Implementing FDO with the Linux Foundation Edge Open-Source Implementation

Software implementations of FDO consist of several functional elements, which are highlighted in the following generic FDO tool diagram. 

FDO with Linux

The numbered steps in the diagram are described in further detail as follows:

  1. The FDO client is placed on the device. 
  2. The Manufacturing Tool installs the device credentials and creates the Ownership Voucher. 
  3. The Rendezvous Server can be run in the cloud or on-premise.
  4. The FDO Platform Software Development Kit (SDK) is integrated into the target cloud or on-premise platform. 
  5. A Reseller tool can be used by the supply chain ecosystem to extend the Ownership Voucher’s cryptographic key. 
  6. Additionally, tools provide initial network access for the device (not shown). 

Companies have a range of options when implementing the FDO software. They can develop the software themselves directly from the specification, use one of the commercially available implementations of FDO (for example, Red Hat), or they can use the Linux Foundation Edge implementation (described here). 

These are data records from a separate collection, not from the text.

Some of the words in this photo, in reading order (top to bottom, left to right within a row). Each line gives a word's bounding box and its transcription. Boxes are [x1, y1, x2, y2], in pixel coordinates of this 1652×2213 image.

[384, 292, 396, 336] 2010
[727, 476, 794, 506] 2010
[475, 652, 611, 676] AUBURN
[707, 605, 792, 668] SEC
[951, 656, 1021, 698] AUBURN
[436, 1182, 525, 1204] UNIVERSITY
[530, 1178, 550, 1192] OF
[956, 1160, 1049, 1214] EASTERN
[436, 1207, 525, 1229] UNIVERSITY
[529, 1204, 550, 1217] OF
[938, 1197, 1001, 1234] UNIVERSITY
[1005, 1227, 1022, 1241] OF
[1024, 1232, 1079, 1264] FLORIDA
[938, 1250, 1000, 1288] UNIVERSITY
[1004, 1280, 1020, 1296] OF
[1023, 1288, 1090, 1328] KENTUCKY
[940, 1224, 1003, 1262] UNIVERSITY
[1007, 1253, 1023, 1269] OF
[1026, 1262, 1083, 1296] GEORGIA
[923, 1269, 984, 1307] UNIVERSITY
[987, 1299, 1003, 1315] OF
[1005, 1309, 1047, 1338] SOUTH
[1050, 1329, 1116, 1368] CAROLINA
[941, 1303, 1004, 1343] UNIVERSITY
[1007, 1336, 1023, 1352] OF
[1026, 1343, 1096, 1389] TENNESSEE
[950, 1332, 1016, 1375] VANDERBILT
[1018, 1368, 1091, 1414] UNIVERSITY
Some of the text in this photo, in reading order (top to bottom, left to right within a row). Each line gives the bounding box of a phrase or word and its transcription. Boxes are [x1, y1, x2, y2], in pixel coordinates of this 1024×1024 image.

The FDO software within the Linux Foundation Edge has been developed and contributed by Intel, one of the authors of the FDO specification. The code is a mixture of C and Java (depending on which part of the FDO system is being implemented). It offers client software for both Intel and other processors including Arm.

NativeEdge - Delivering on the Edge Promise

With NativeEdge, Dell set a simple but critical goal; allow customers to deploy Edge solutions quickly and securely and then manage them effectively throughout their lifetime. As with all simple goals, the challenge is in developing a solution that fully delivers on the promise. With NativeEdge, Dell has taken full advantage of FIDO Device Onboarding (FDO) together with the Linux Foundation Edge FDO project code to build on top of an industry onboarding technology that fully supports Dell’s mission to simplify deployment and management at the edge while delivering the highest levels of security. NativeEdge is now available for customers to deploy at scale. 


2  Based on internal analysis, May 2023. The internal analysis consisted of internal modeling, customer interviews, and third-party environmental consultant review for methodology validation.